BEGIN Records for processing
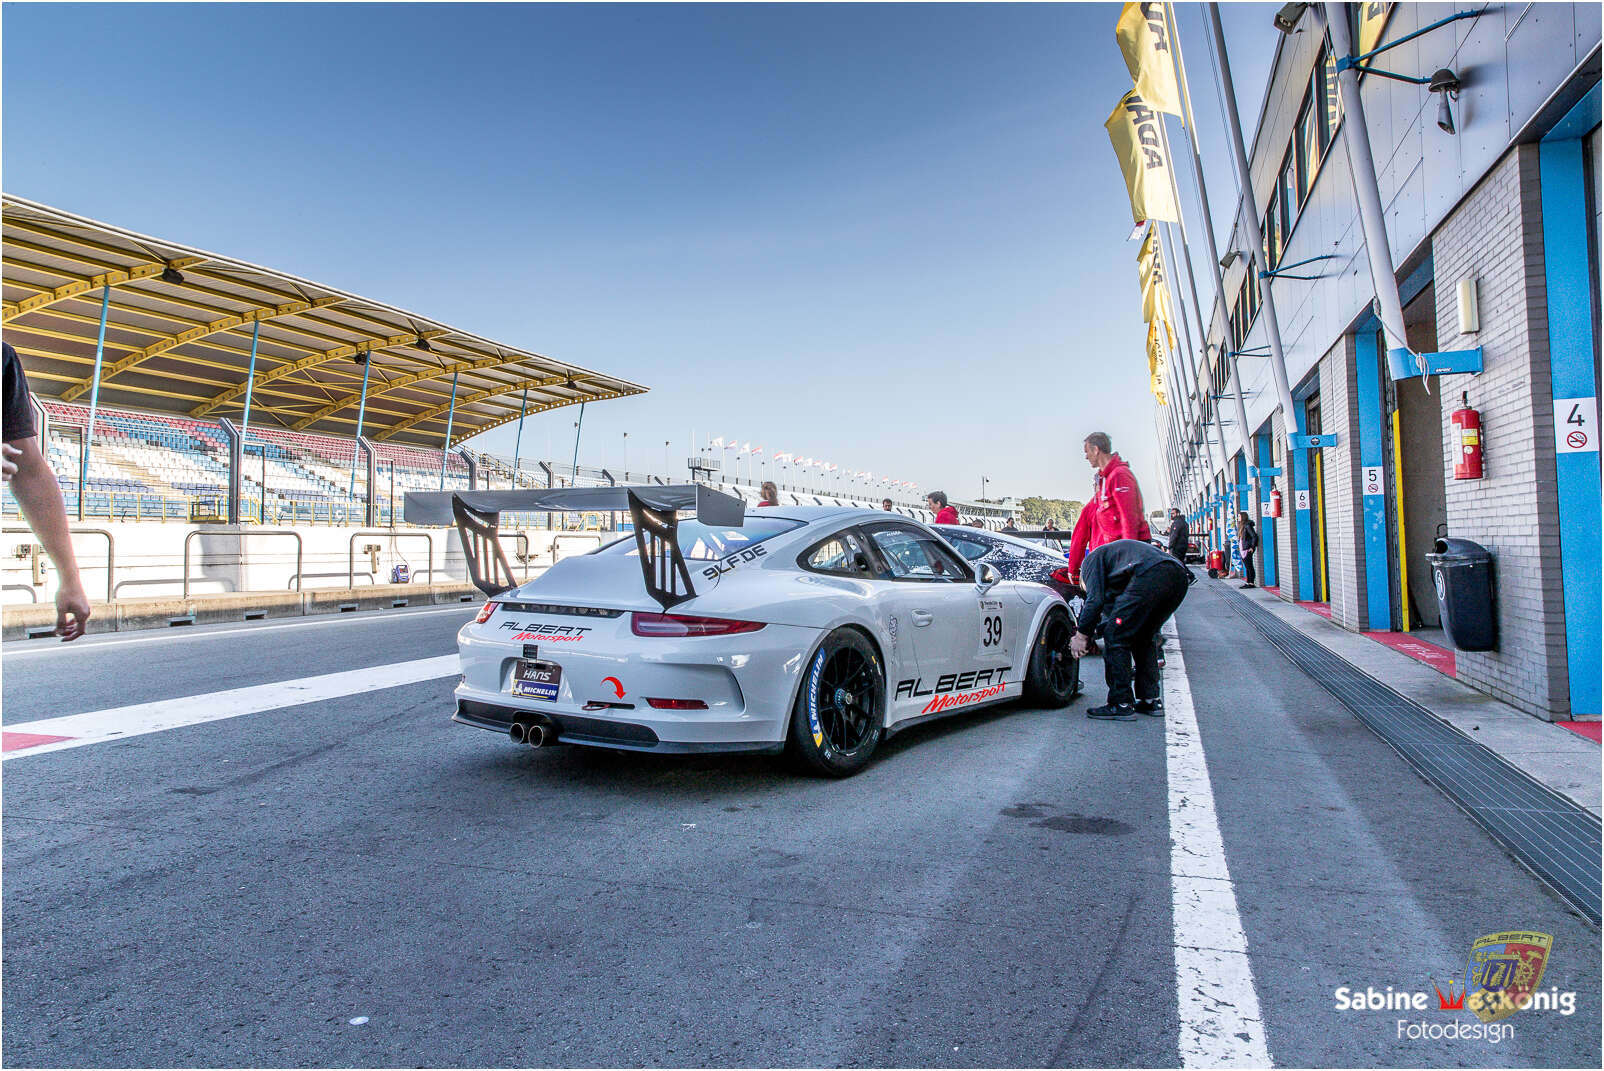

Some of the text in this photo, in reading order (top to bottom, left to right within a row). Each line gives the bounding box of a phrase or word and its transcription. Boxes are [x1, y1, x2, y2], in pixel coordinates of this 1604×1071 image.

[1567, 403, 1585, 427] 4
[1368, 469, 1377, 482] 5
[1299, 492, 1306, 501] 6
[1263, 503, 1269, 511] 7
[702, 544, 768, 580] 9LF.DE
[499, 621, 592, 636] ALBERT
[511, 631, 584, 643] Motorsport
[983, 615, 1002, 647] 39
[523, 686, 557, 697] MICHELIN
[808, 653, 823, 721] MICHELIN
[894, 666, 1012, 702] ALBERT
[921, 681, 1006, 714] Motorsport
END Records for processing
■ Action item ■
Could the entries above be restated word for word, with the pictures left out?

■ Task solution ■
Some of the text in this photo, in reading order (top to bottom, left to right within a row). Each line gives the bounding box of a phrase or word and its transcription. Boxes are [x1, y1, x2, y2], in pixel coordinates of this 1604×1071 image.

[1567, 403, 1585, 427] 4
[1368, 469, 1377, 482] 5
[1299, 492, 1306, 501] 6
[1263, 503, 1269, 511] 7
[702, 544, 768, 580] 9LF.DE
[499, 621, 592, 636] ALBERT
[511, 631, 584, 643] Motorsport
[983, 615, 1002, 647] 39
[523, 686, 557, 697] MICHELIN
[808, 653, 823, 721] MICHELIN
[894, 666, 1012, 702] ALBERT
[921, 681, 1006, 714] Motorsport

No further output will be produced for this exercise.